Start of SOURCE DATA

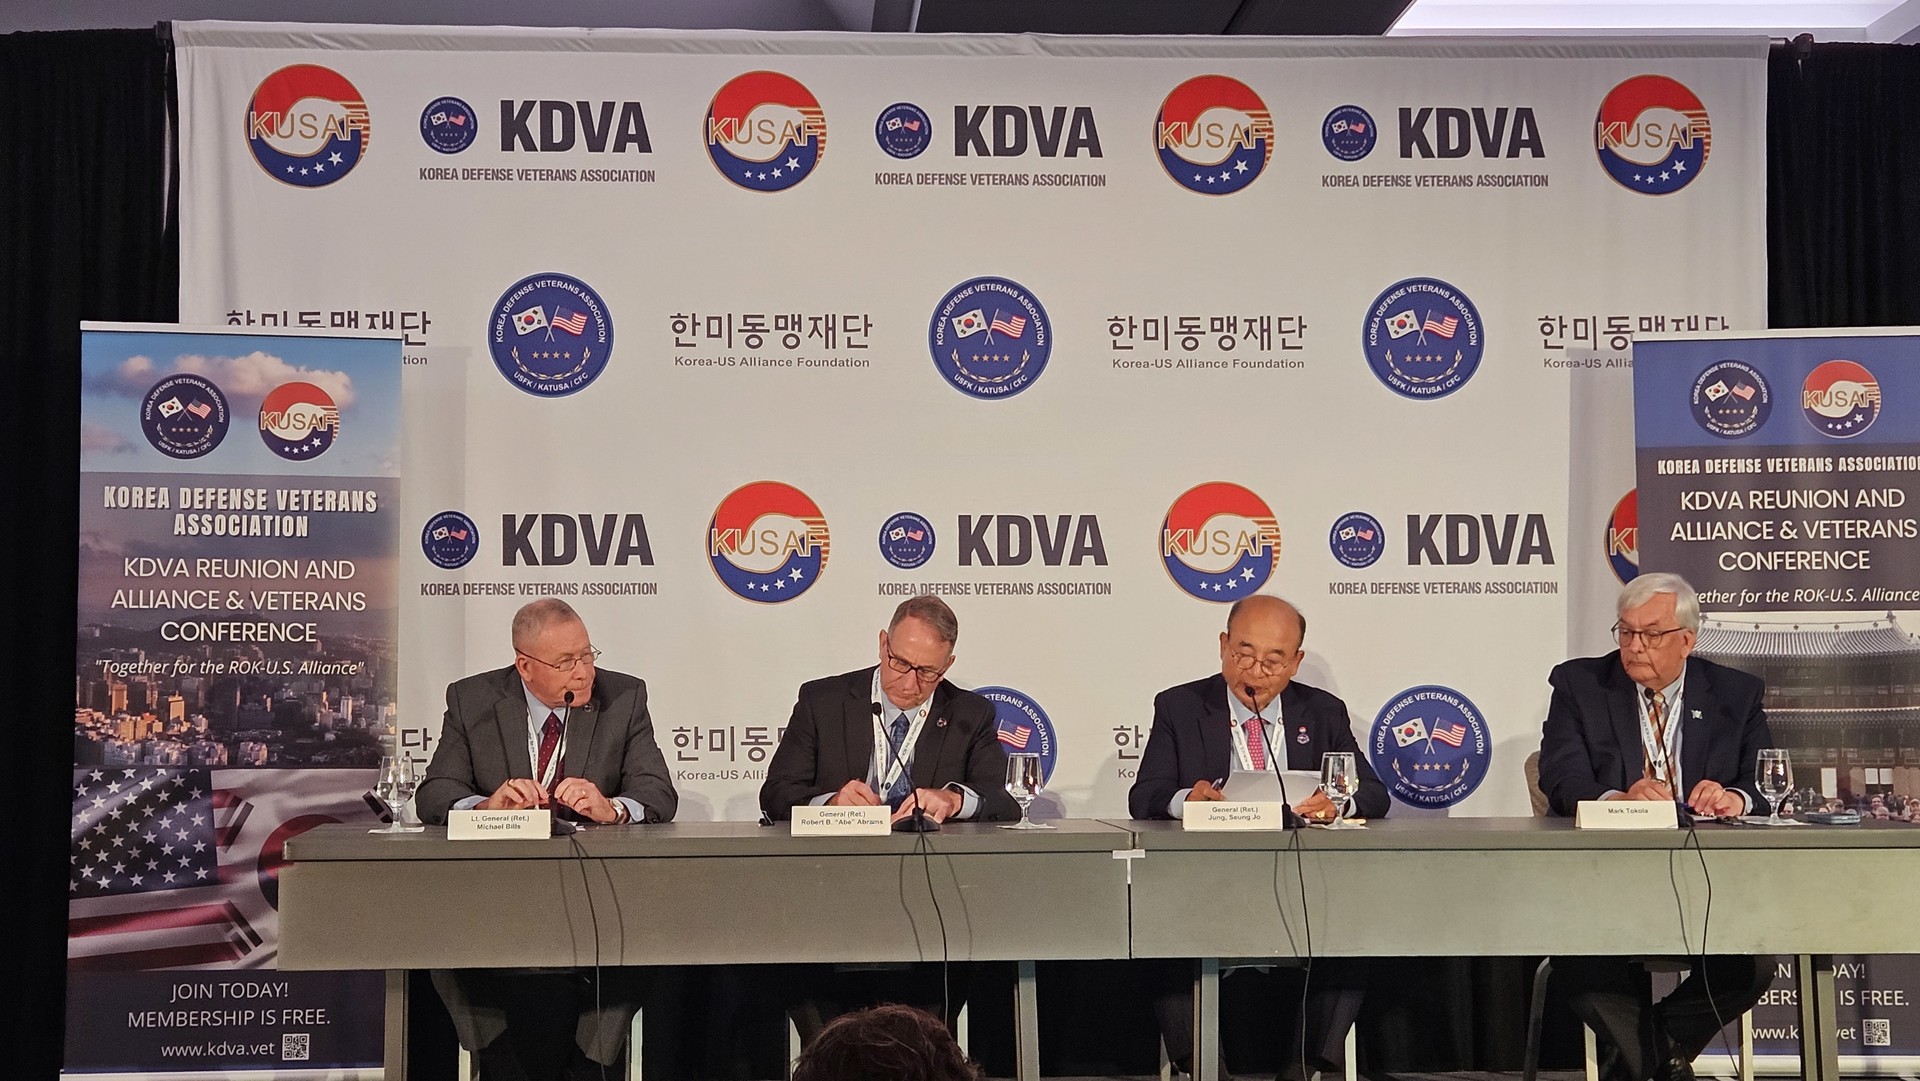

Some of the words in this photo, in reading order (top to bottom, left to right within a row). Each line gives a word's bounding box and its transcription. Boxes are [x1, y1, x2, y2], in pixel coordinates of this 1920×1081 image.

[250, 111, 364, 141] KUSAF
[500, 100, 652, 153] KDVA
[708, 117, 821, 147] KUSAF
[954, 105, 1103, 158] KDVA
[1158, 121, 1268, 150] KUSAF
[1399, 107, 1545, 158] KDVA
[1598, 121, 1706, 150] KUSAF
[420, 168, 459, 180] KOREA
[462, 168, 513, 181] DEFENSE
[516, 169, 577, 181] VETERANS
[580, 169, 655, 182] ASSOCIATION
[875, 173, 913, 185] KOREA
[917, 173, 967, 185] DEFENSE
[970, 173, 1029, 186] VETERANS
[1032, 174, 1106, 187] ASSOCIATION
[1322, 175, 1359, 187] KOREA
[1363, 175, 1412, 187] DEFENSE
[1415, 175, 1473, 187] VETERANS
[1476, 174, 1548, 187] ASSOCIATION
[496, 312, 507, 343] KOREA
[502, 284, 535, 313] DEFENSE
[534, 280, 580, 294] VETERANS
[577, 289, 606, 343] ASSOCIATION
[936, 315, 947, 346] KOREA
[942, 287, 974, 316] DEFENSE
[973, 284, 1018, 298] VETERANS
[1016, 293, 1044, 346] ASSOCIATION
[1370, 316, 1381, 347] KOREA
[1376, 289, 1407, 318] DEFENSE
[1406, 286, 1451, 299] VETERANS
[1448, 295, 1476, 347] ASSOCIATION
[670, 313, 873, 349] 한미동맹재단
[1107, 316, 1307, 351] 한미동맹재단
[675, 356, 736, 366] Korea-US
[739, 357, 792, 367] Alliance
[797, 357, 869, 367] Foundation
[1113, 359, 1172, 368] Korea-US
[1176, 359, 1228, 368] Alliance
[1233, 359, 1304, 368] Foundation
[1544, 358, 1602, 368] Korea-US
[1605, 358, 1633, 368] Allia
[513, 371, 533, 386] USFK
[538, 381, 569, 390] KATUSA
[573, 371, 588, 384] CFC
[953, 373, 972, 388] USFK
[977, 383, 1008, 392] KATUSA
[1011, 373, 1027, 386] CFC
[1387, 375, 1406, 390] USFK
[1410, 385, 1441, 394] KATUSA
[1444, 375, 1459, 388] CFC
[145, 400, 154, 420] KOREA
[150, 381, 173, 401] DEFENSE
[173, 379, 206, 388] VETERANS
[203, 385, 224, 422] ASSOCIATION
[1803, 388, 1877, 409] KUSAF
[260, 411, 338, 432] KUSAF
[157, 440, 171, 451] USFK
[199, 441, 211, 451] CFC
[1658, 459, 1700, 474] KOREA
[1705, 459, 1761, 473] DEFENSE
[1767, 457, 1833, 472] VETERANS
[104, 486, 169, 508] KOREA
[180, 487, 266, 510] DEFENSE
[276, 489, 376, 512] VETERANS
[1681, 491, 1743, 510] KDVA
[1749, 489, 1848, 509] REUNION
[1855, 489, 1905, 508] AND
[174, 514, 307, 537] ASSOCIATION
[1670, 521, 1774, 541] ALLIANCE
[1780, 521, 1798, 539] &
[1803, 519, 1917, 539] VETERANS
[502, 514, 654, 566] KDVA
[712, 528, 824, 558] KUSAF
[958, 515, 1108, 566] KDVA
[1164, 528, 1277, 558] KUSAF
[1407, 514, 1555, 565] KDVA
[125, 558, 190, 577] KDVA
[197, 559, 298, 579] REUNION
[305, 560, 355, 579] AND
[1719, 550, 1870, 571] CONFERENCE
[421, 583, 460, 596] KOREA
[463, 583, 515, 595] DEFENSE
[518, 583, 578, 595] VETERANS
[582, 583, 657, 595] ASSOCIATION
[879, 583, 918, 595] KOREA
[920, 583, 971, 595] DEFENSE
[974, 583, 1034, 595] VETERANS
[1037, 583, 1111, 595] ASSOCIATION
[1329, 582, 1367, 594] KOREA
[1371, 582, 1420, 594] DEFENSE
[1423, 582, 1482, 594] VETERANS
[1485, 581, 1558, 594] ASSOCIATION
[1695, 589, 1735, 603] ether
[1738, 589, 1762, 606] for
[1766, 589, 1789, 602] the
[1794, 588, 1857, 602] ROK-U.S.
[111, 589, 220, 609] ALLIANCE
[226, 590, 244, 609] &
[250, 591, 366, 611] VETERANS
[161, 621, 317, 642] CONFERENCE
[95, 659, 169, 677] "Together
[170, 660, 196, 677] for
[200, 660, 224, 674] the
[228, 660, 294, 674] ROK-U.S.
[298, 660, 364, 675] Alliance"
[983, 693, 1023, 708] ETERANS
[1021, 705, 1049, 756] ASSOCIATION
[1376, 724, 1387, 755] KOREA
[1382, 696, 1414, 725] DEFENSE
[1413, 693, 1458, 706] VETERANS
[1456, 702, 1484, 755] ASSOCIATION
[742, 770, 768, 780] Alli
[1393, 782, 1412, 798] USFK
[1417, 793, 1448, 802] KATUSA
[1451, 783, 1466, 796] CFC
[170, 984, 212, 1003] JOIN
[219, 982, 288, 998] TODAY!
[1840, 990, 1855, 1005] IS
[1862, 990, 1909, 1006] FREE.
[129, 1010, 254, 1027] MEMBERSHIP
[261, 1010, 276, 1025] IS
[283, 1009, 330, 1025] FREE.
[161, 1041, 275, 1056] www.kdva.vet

End of SOURCE DATA

Among the entries above, identify all lines with "USFK" and copy them.

- THE COMPLETED TASK
[513, 371, 533, 386] USFK
[953, 373, 972, 388] USFK
[1387, 375, 1406, 390] USFK
[157, 440, 171, 451] USFK
[1393, 782, 1412, 798] USFK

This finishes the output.